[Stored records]
== Segment start ==

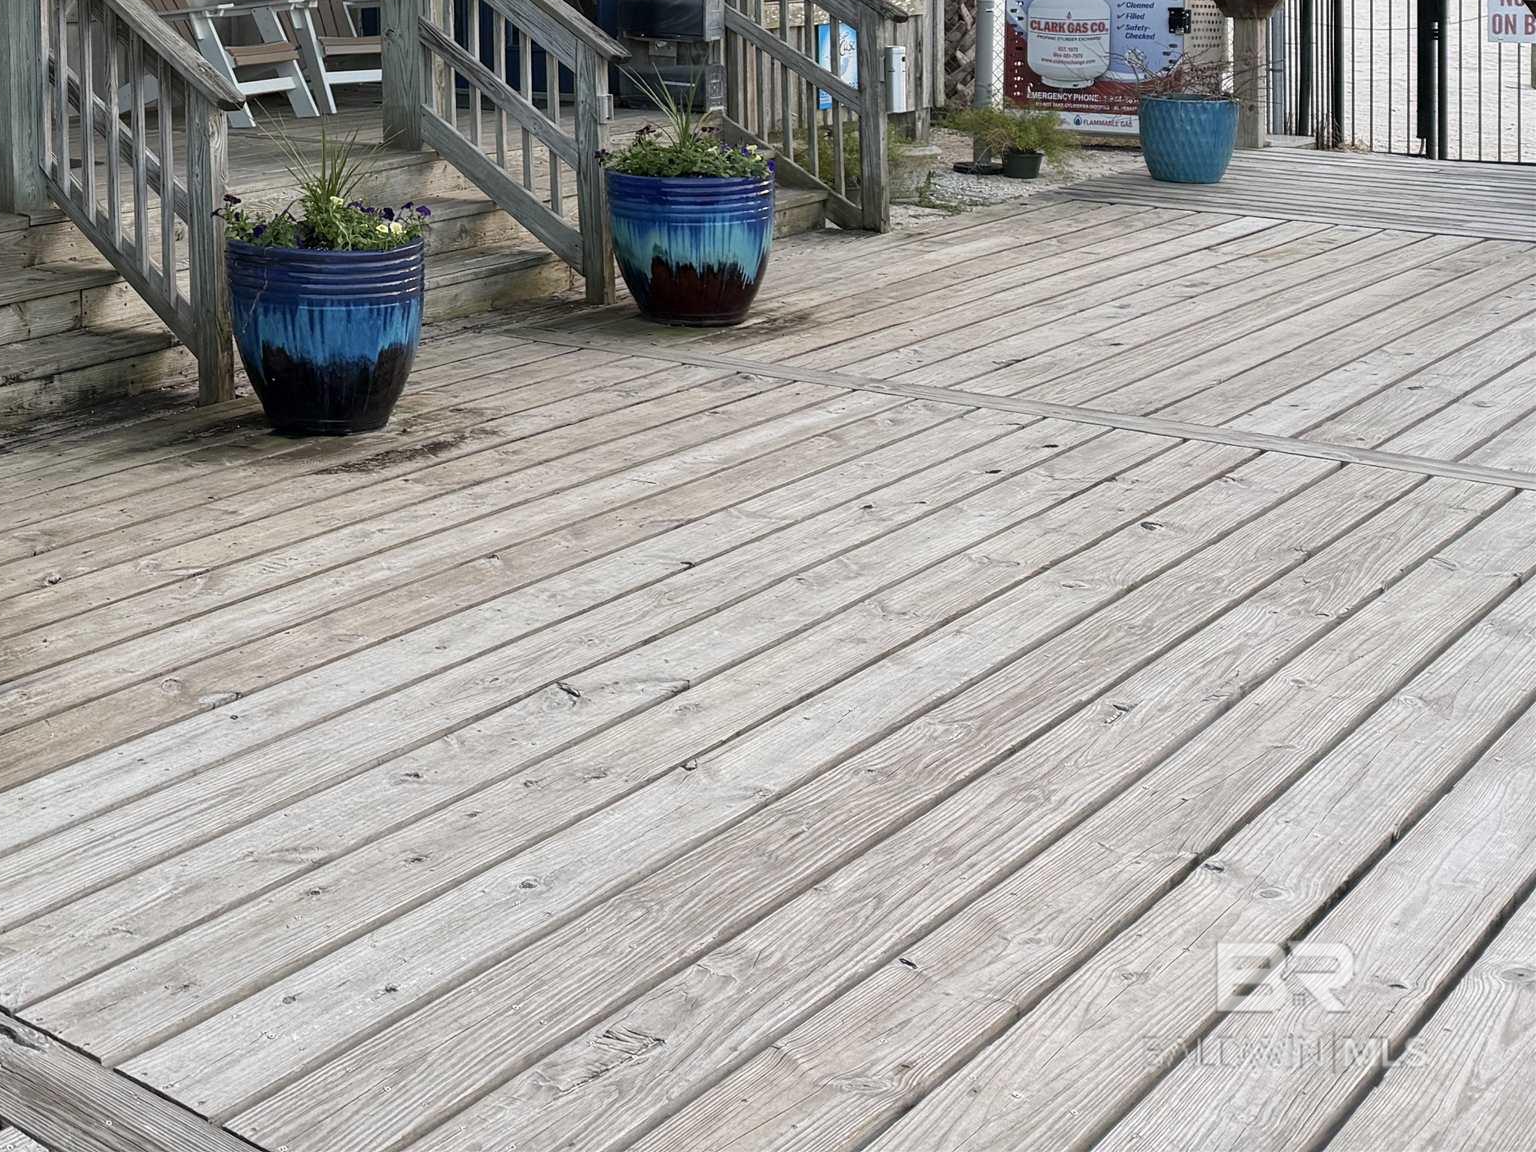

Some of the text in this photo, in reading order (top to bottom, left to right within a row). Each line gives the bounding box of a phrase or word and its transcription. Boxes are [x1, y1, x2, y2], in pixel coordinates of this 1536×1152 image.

[1030, 20, 1066, 33] CLARK
[1067, 22, 1089, 33] GAS
[1492, 14, 1517, 35] ON
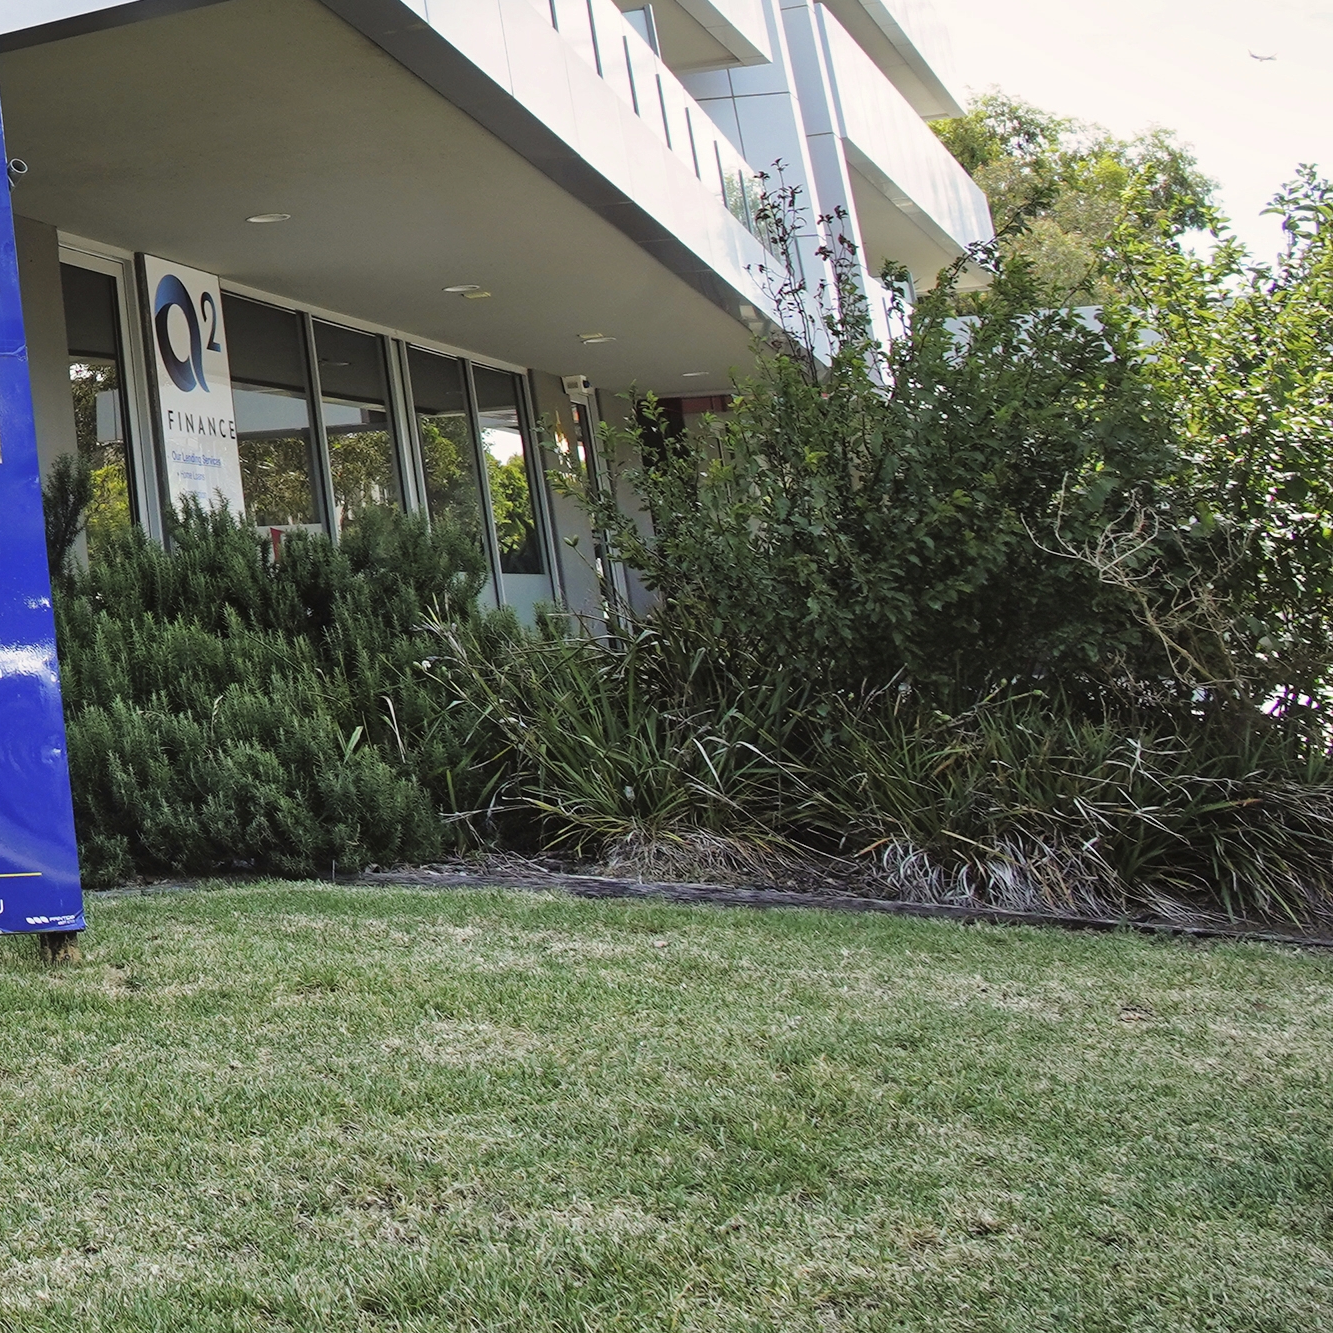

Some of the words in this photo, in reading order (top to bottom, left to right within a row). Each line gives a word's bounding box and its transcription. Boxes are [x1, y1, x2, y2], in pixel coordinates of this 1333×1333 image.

[167, 410, 237, 440] FINANCE
[172, 450, 181, 461] Our
[182, 452, 201, 466] Lending
[202, 454, 222, 467] Services

== Segment end ==

▸ TASK ITEM:
Could the entries above be written out word for word, with no pictures?

▸ EXERCISE ANSWER:
Some of the text in this photo, in reading order (top to bottom, left to right within a row). Each line gives the bounding box of a phrase or word and its transcription. Boxes are [x1, y1, x2, y2], in pixel coordinates of this 1536×1152 image.

[1030, 20, 1066, 33] CLARK
[1067, 22, 1089, 33] GAS
[1492, 14, 1517, 35] ON

Some of the words in this photo, in reading order (top to bottom, left to right within a row). Each line gives a word's bounding box and its transcription. Boxes are [x1, y1, x2, y2], in pixel coordinates of this 1333×1333 image.

[167, 410, 237, 440] FINANCE
[172, 450, 181, 461] Our
[182, 452, 201, 466] Lending
[202, 454, 222, 467] Services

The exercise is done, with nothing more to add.